Work task:
Word for word, reproduce all entries below, leaving every picture out.

Task inputs below:

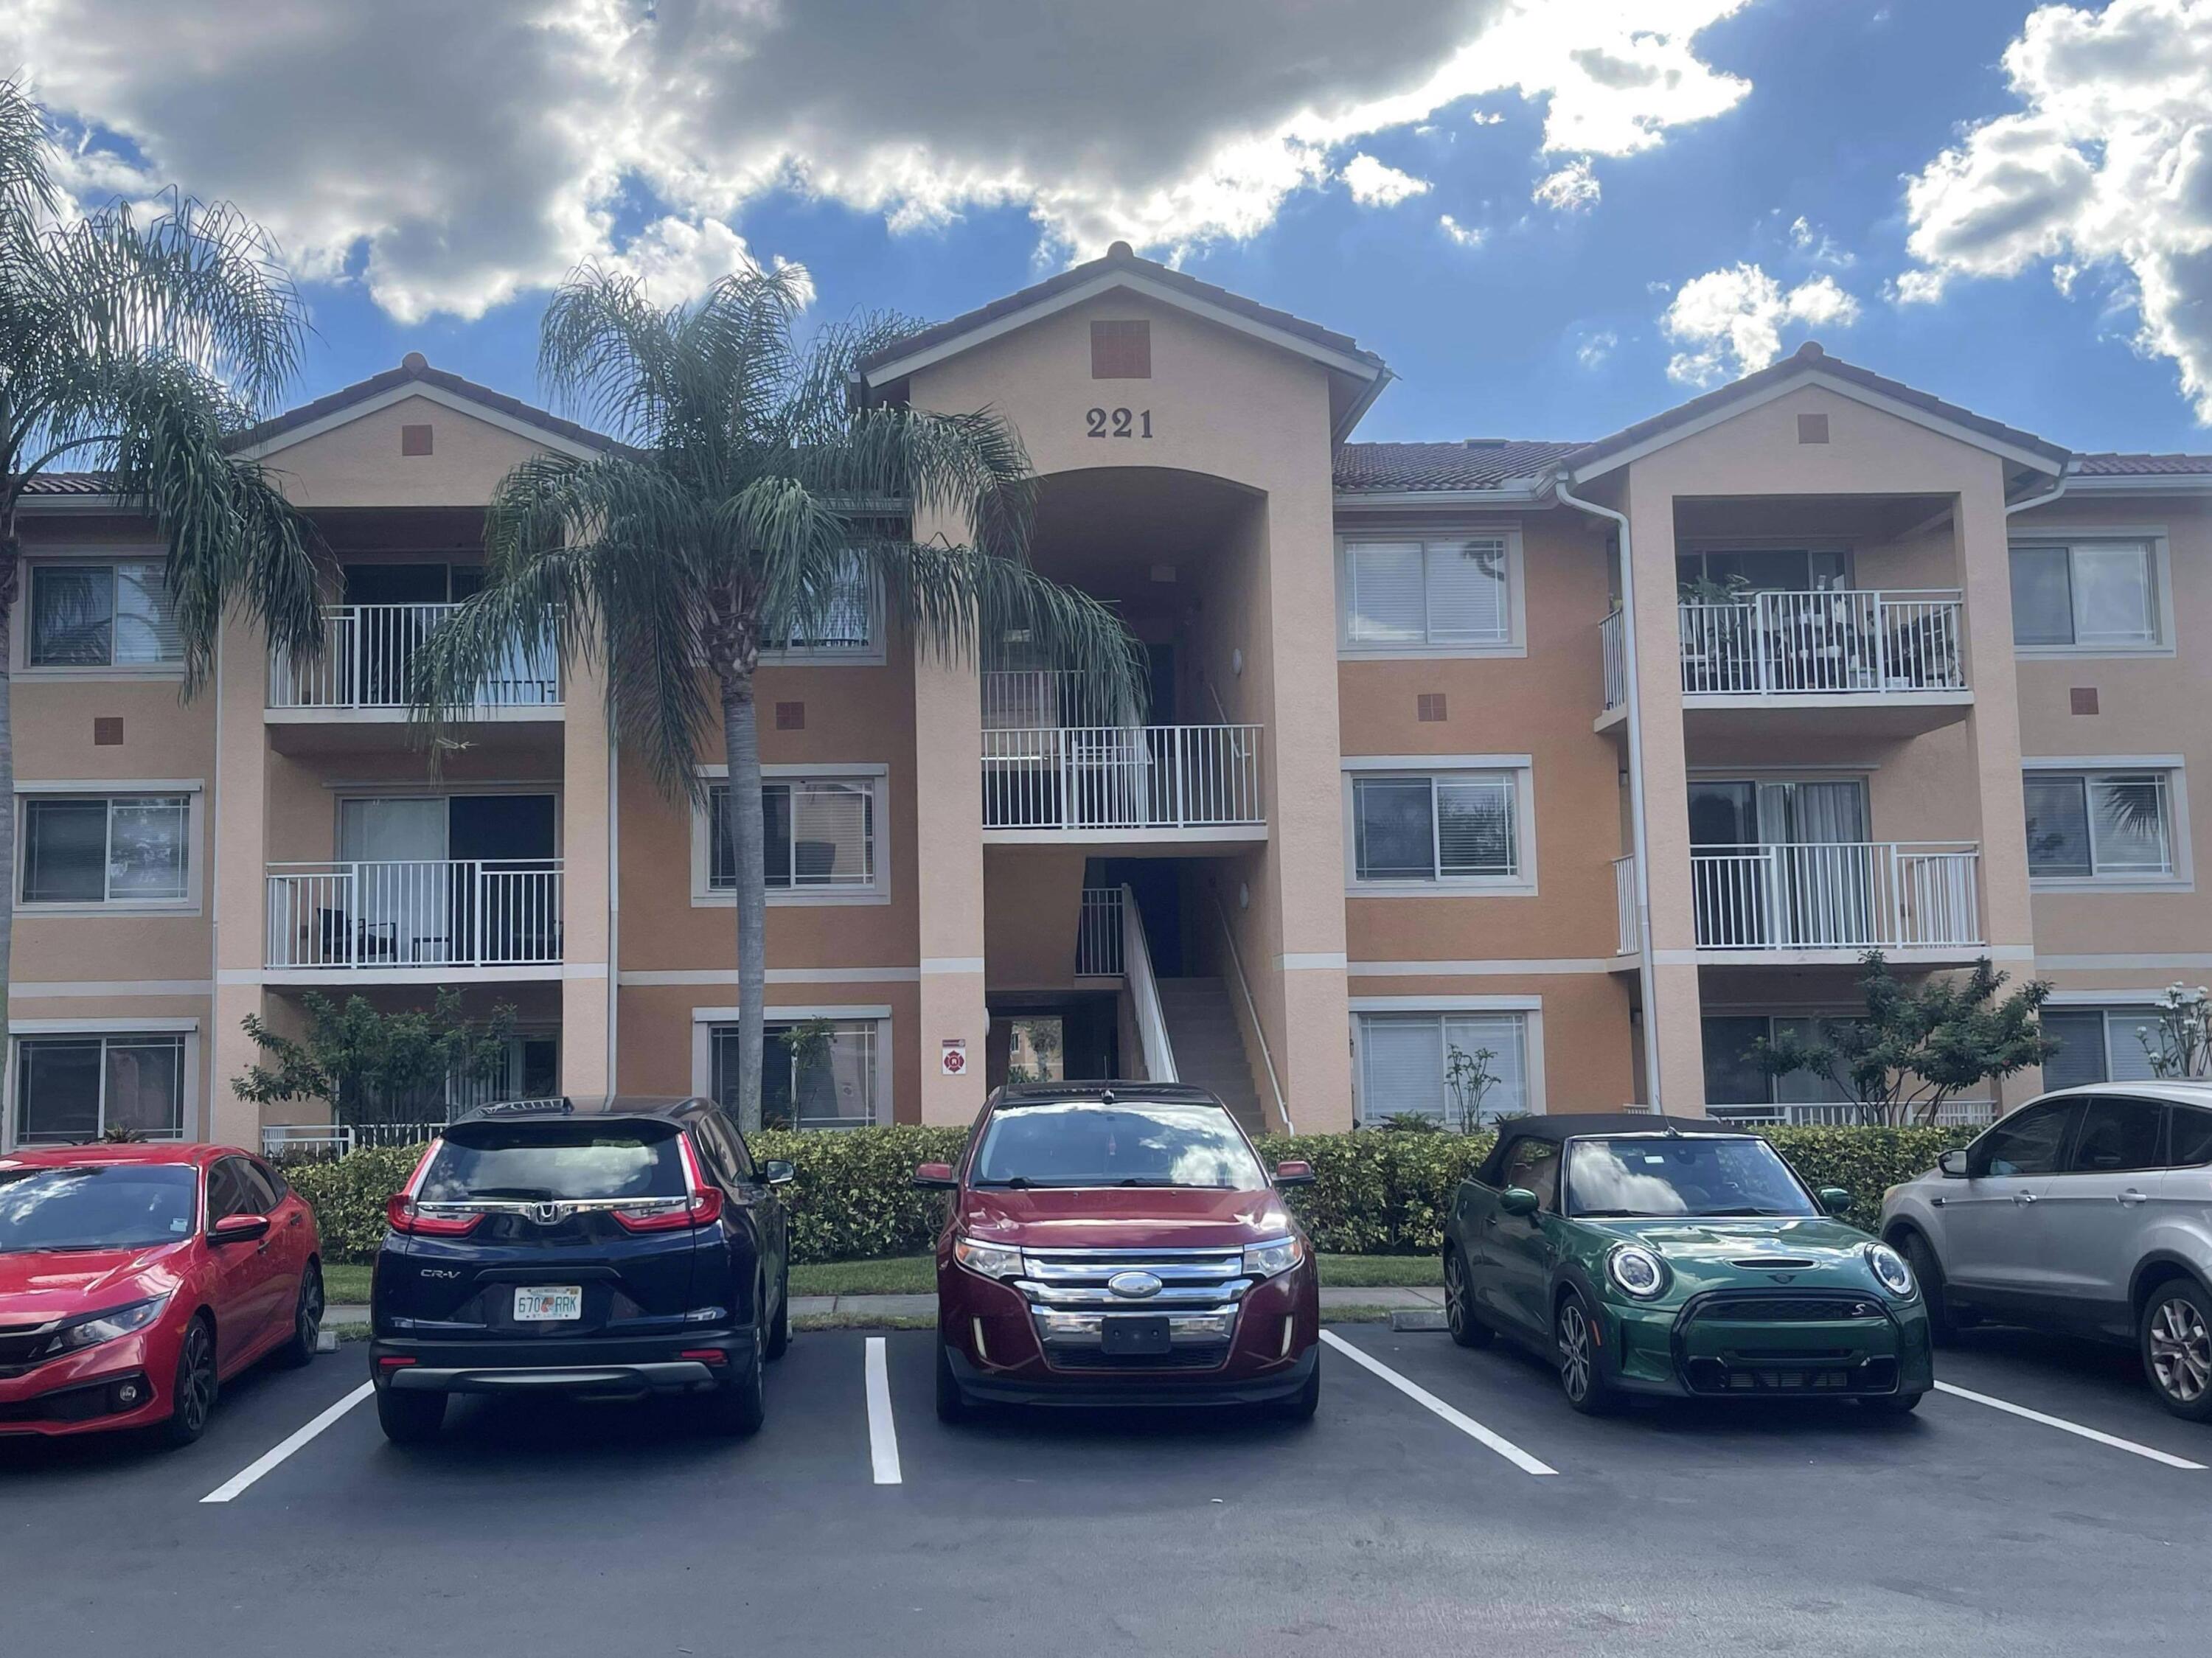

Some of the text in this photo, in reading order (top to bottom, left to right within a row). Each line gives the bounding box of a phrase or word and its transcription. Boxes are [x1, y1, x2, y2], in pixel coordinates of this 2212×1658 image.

[1086, 407, 1153, 438] 221
[420, 1269, 461, 1278] CR-V
[518, 1297, 540, 1313] 670
[1851, 1303, 1865, 1315] S
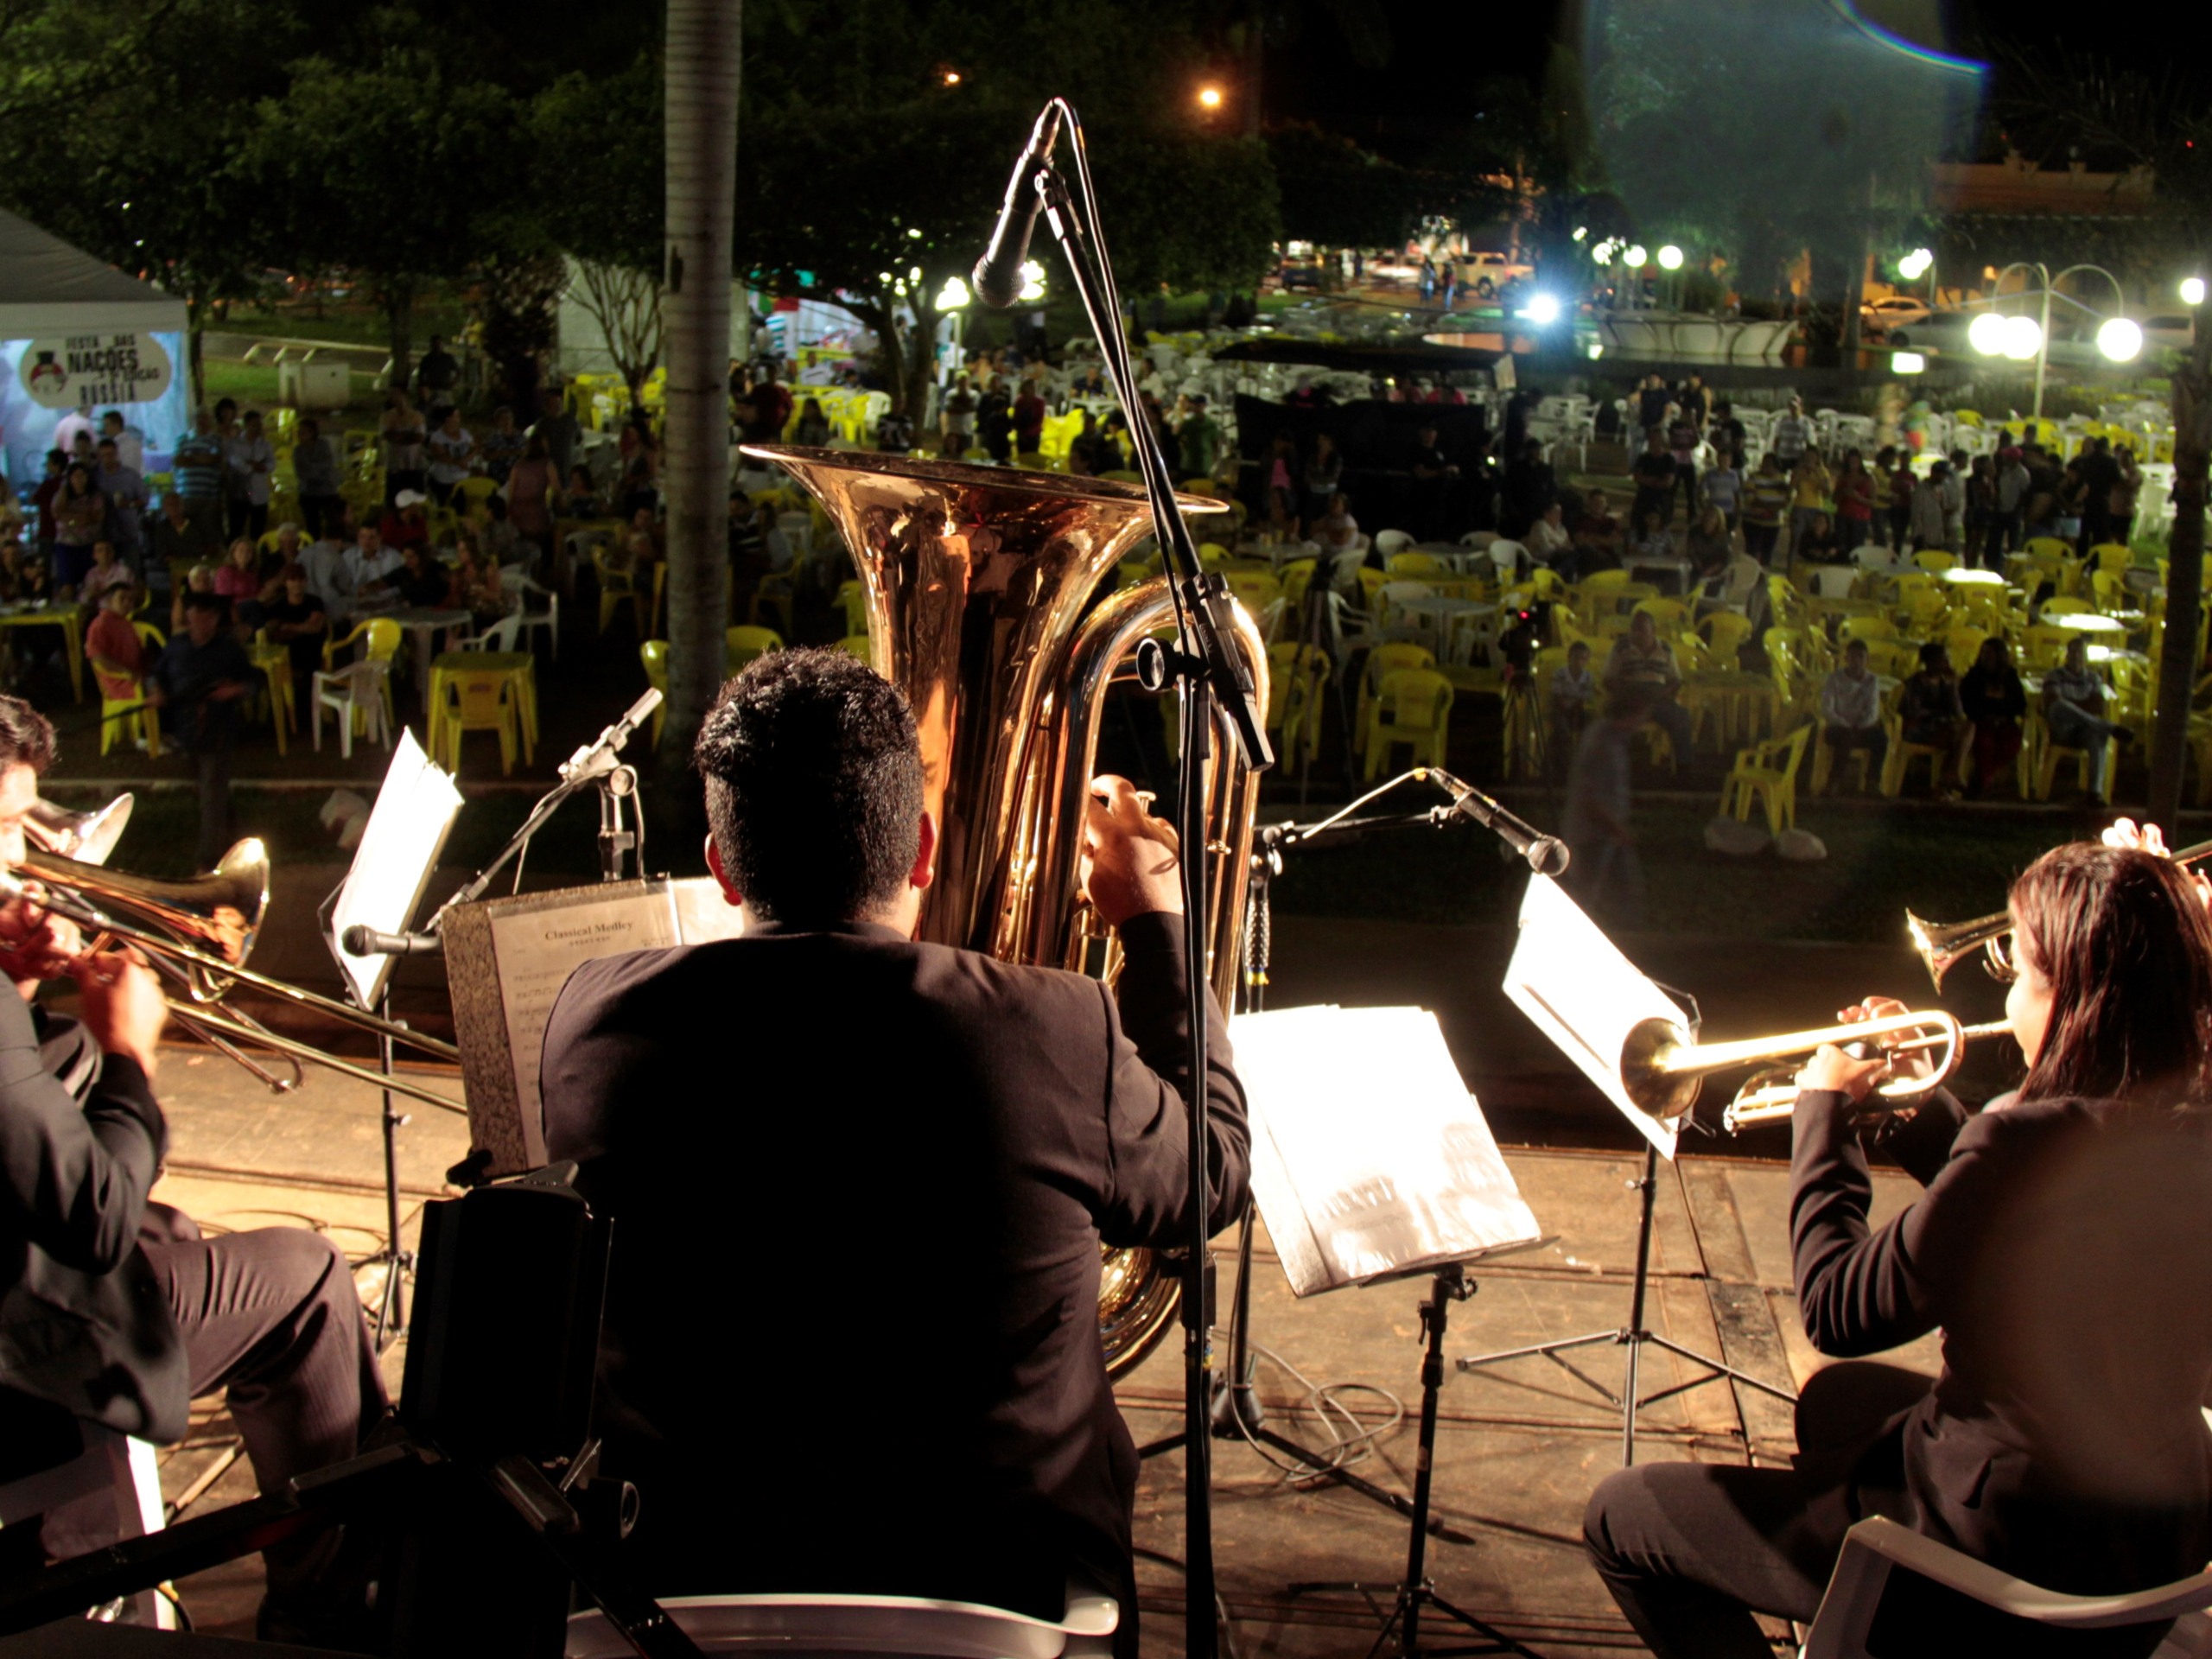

End of Task inputs.

Reply to the task:
Some of the text in this photo, in reading order (top to bottom, left to right within a row). Each line gives the bounding box of a phrase or word and its transcription. Boxes are [x1, y1, x2, y2], in pixel coordinates of this 2212×1658 image.

[1086, 407, 1153, 438] 221
[420, 1269, 461, 1278] CR-V
[518, 1297, 540, 1313] 670
[1851, 1303, 1865, 1315] S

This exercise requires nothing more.